Metadata-Version: 2.1
Name: modmod
Version: 0.2.3
Summary: modular models for efficient ML development
Home-page: https://github.com/Remesh/modmod
Author: Nicholas Tietz-Sokolsky
Author-email: me@ntietz.com
License: Apache 2.0
Platform: UNKNOWN
Classifier: License :: OSI Approved :: Apache Software License
Classifier: Intended Audience :: Science/Research
Classifier: Programming Language :: Python
Classifier: Programming Language :: Python :: 3
Classifier: Programming Language :: Python :: 3.6
Classifier: Programming Language :: Python :: Implementation :: CPython
Classifier: Programming Language :: Python :: Implementation :: PyPy
Requires-Python: >=3.6.0
Description-Content-Type: text/markdown



# modmod

modmod is a library for making *Mod*-ular *Mod*-els. The primary problem that
modmod solves is how to load models at runtime without instantiating them
multiple times; in that respect, it is essentially a dependency injection
system for models.

# Installation

To use modmod, just install it with your package manager in the usual way. If
you use [Pipenv](https://docs.pipenv.org/), you can copy/paste this:

```
pipenv install modmod
```

# Usage

There are two main pieces of modmod: Models and Pools.

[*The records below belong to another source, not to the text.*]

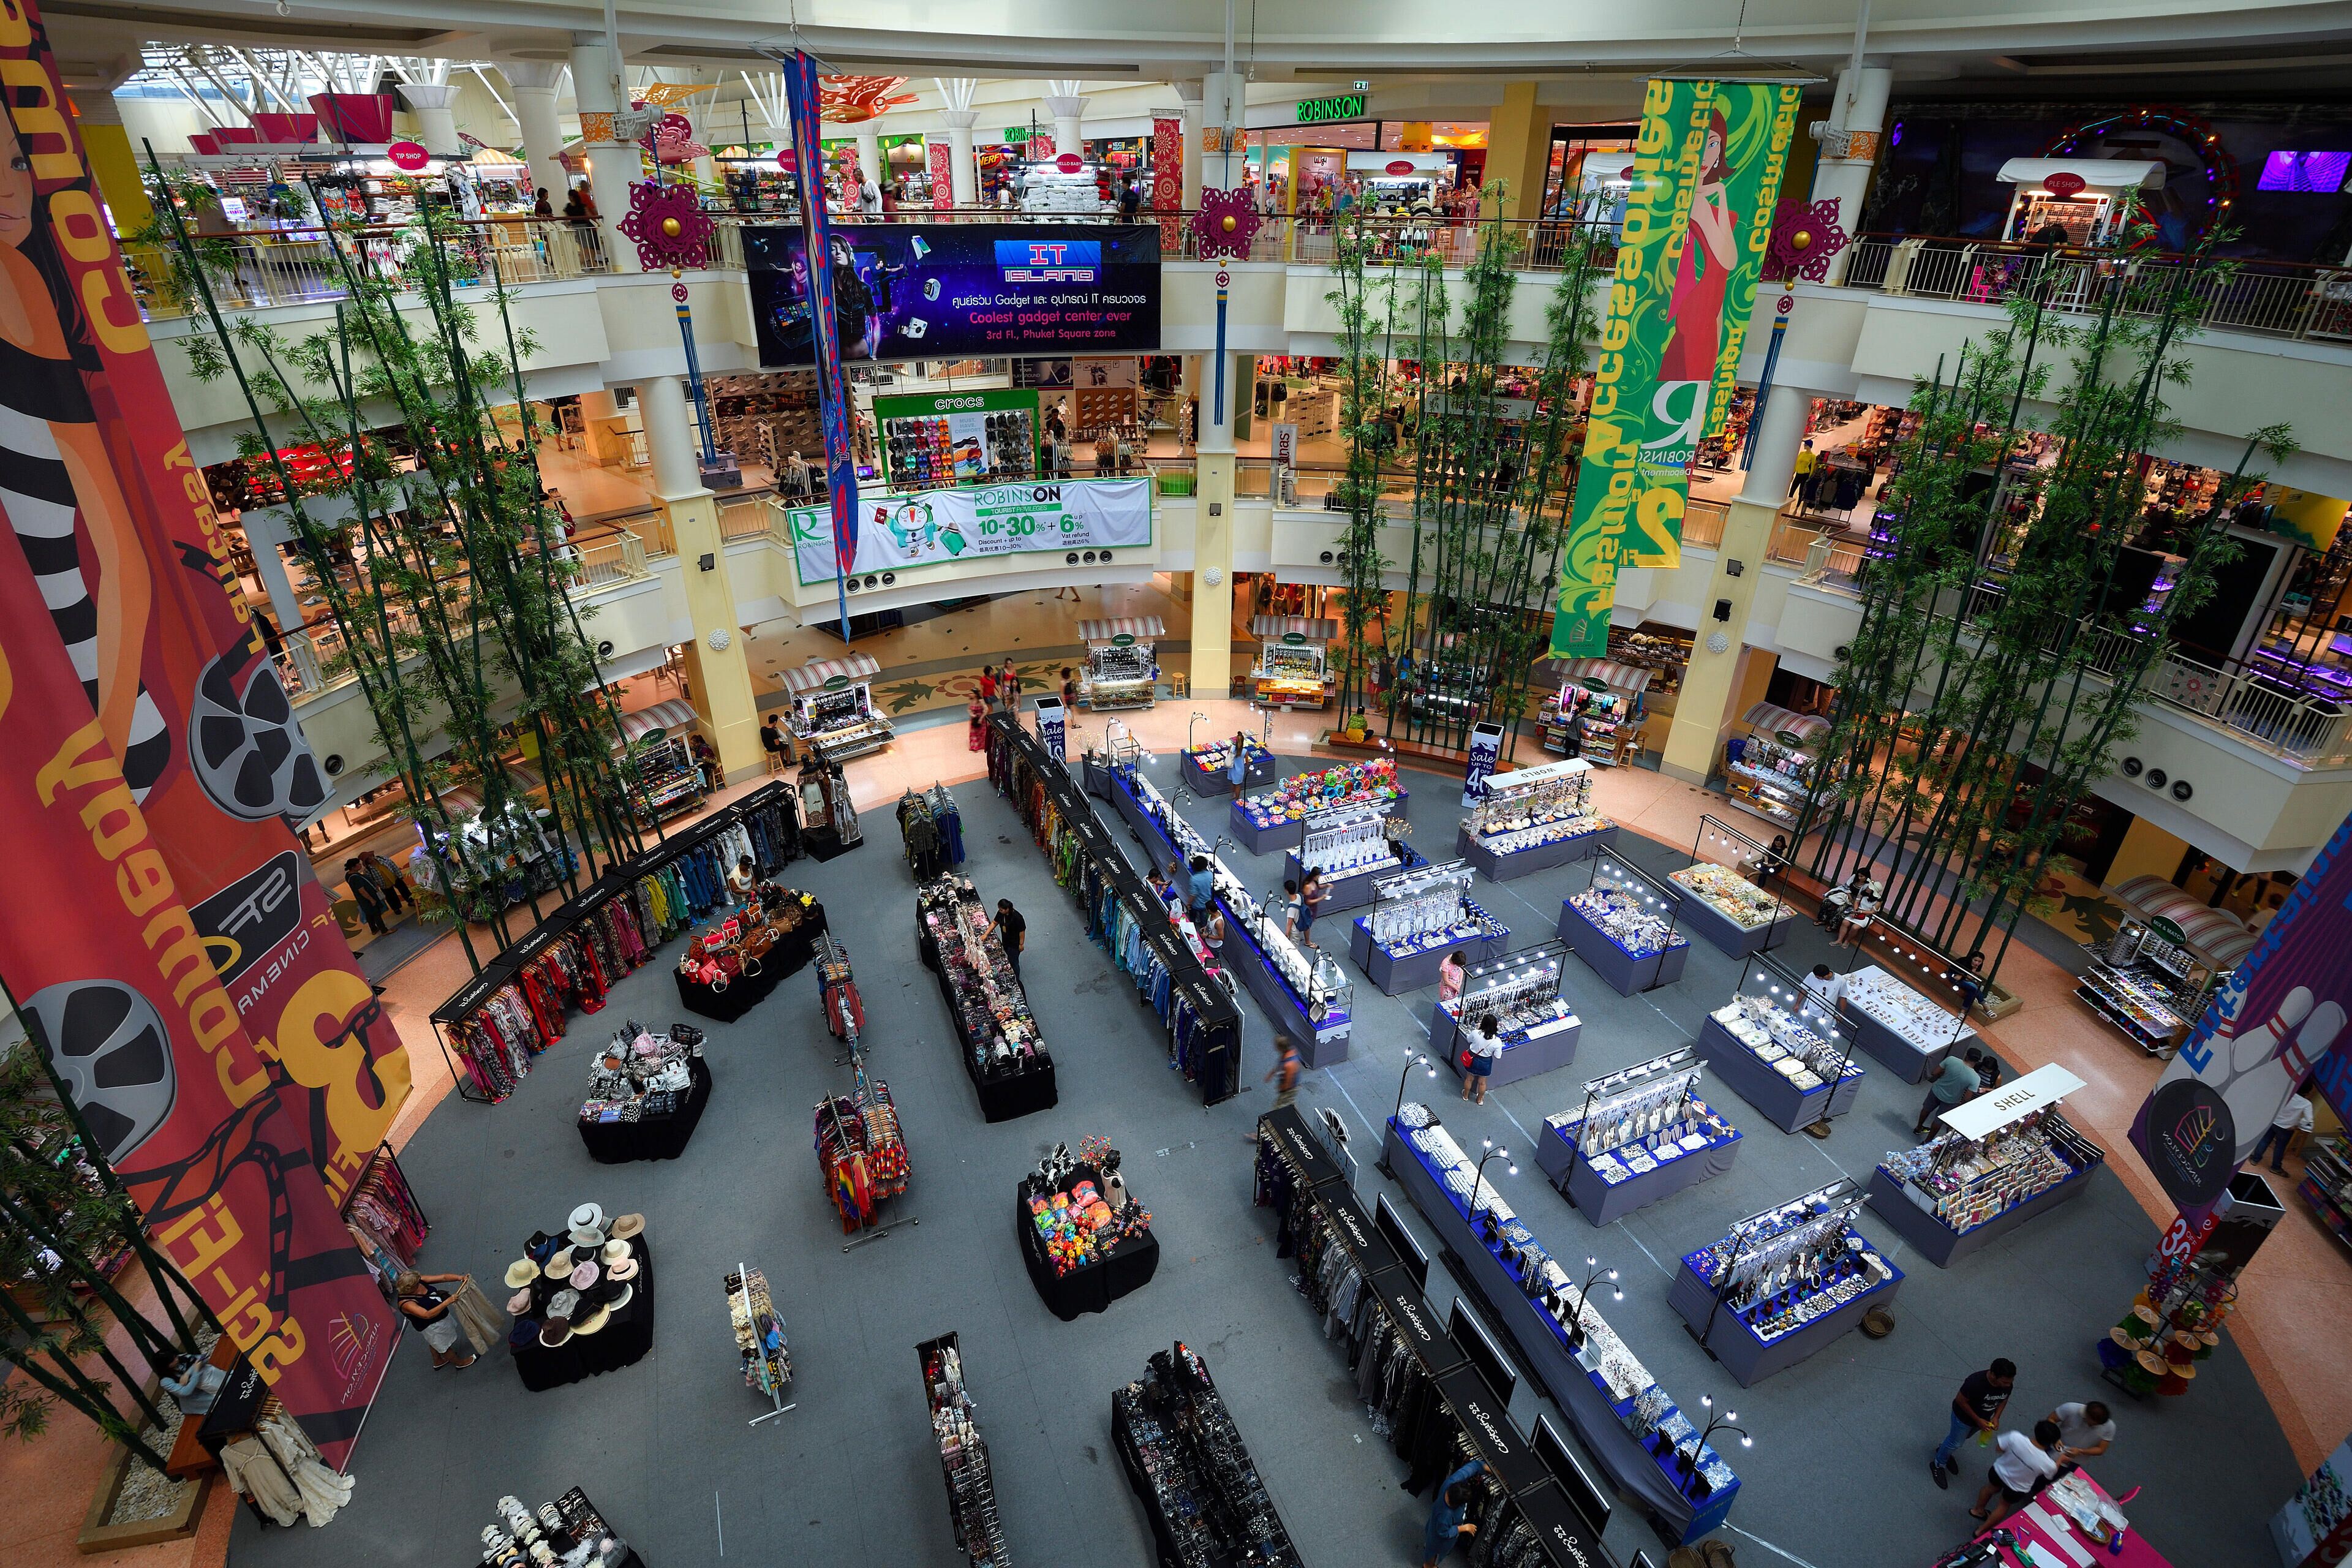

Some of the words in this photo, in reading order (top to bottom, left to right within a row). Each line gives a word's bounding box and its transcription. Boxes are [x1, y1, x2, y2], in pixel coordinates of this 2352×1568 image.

[1297, 96, 1363, 121] ROBINSON
[1004, 127, 1045, 141] ROBIN
[1029, 244, 1067, 265] IT
[1005, 270, 1094, 282] ISLAND
[995, 293, 1030, 307] Gadget
[1034, 295, 1047, 304] และ
[1050, 293, 1088, 307] อุปกรณ์
[1092, 293, 1099, 303] IT
[1102, 295, 1146, 304] ครบวงจร
[970, 311, 1012, 324] Coolest
[1018, 310, 1060, 325] gadget
[1065, 311, 1102, 322] center
[1106, 312, 1132, 322] ever
[986, 331, 1002, 340] 3rd
[1023, 329, 1055, 339] Phuket
[1058, 329, 1091, 341] Square
[1095, 329, 1115, 337] zone
[935, 396, 984, 410] crocs
[974, 486, 1061, 506] ROBINSON
[797, 512, 828, 541] R
[798, 540, 832, 549] ROBINSON
[1471, 752, 1496, 763] Sale
[1521, 767, 1557, 778] WORLD
[2167, 929, 2184, 941] MATCH
[1994, 1090, 2035, 1110] SHELL
[1292, 1133, 1313, 1159] Century
[1338, 1208, 1347, 1216] 22
[1344, 1216, 1367, 1246] Century
[2185, 1231, 2198, 1245] OFF
[1397, 1295, 1407, 1306] 22
[1403, 1305, 1430, 1340] Century
[1469, 1402, 1480, 1414] 22
[1476, 1413, 1509, 1453] Century
[1554, 1525, 1565, 1538] 22
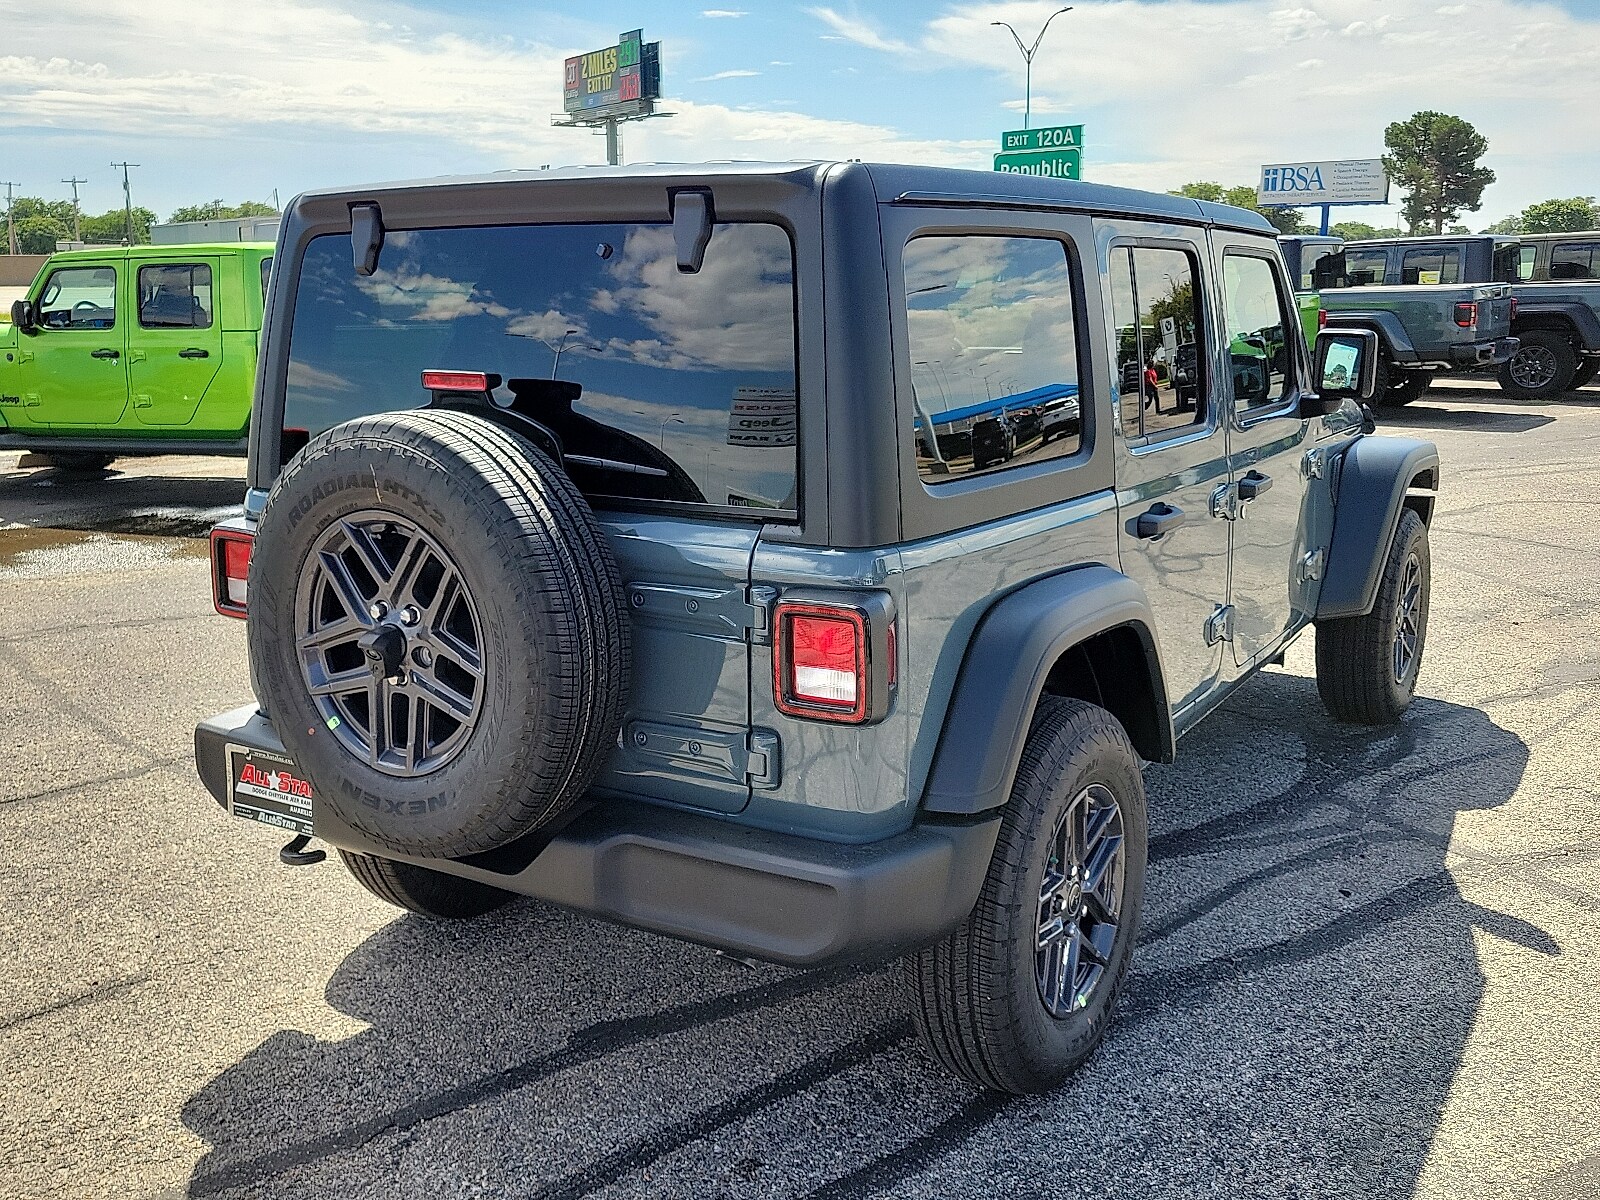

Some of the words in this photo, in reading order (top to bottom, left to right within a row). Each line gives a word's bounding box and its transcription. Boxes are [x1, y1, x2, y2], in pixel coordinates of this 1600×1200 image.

[581, 56, 588, 79] 2
[588, 48, 617, 77] MILES
[587, 76, 601, 94] EXIT
[1007, 134, 1029, 147] EXIT
[1036, 128, 1074, 147] 120A
[1278, 165, 1326, 192] BSA
[340, 778, 448, 816] NEXEN
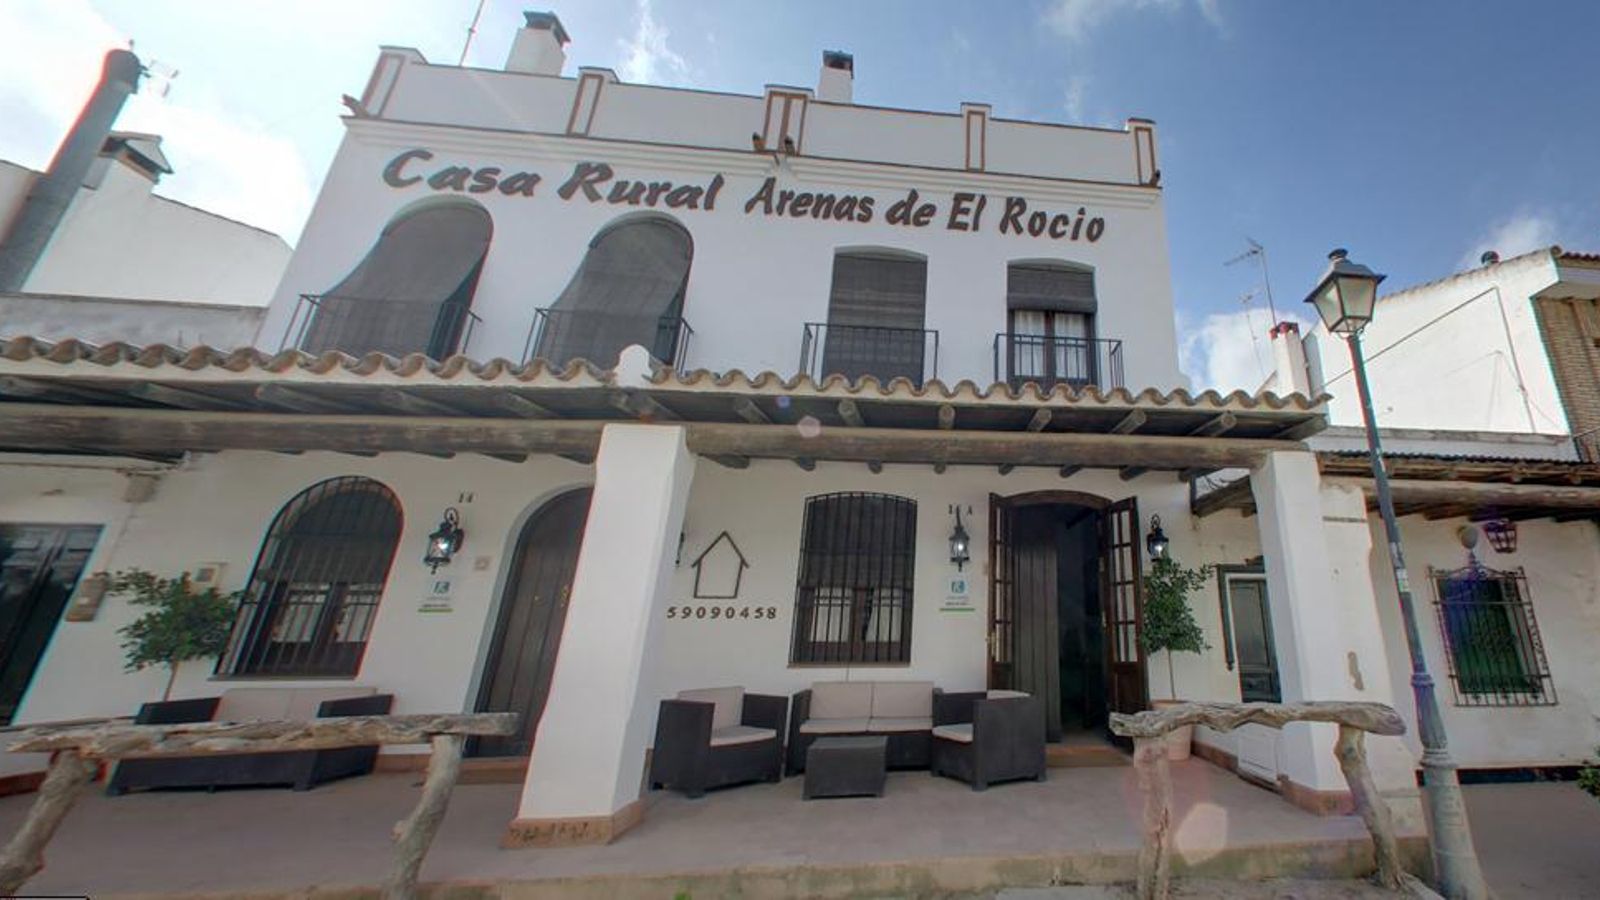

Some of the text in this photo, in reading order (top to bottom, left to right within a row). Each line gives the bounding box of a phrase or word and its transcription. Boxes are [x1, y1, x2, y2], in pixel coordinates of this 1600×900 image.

A `Pool` is a container for models. A `Model` can be treated like an augmented
function which is a `Model` factory.

Here's an example of defining the simplest possible model:

```
from modmod.model import Model

class AddThings(Model):
    def call(self, x: int, y: int) -> int:
        return x + y
```

And here is how you would use it:

```
import modmod.pool

pool = modmod.pool.get()

adder = pool.get(AddThings)

z = adder(1, 2)
print(z) # prints 3
```

You can also take a shortcut to get the model:

```
adder = AddThings.get()
```

However, this should never be done inside a model, bceause it will use the
default pool and will have strange side effects if anyone tries to use your
model in a non-default pool.

## Models with initialization

Sometimes a model needs to be initialized to load in data or do other one-time
startup tasks. To do this, you just override the constructor and the `create`
method. Here's an example for stripping stopwords:

```
import nltk
from modmod.model import Model

class RemoveStopwords(Model):
  def __init__(self, pool, config, stopwords):
    super().__init__(pool, config)
    self.stopwords = stopwords

  @classmethod
  def create(cls, pool, config):
    nltk.download('stopwords')
    stopwords = nltk.corpus.stopwords.words('english')
    stopwords.append('')
    stopwords.remove('not')
    stopwords.remove('no')
    return RemoveStopwords(pool, config, stopwords)

  def call(self, words: List[str]) -> List[str]:
    return list(filter(lambda w: w not in self.stopwords, words))
```

The `create` method is invoked when you call `RemoveStopwords.get()`. It is
only called the _first_ time you get a model; after that, the created model
lives in the pool, and it will not be re-initialized.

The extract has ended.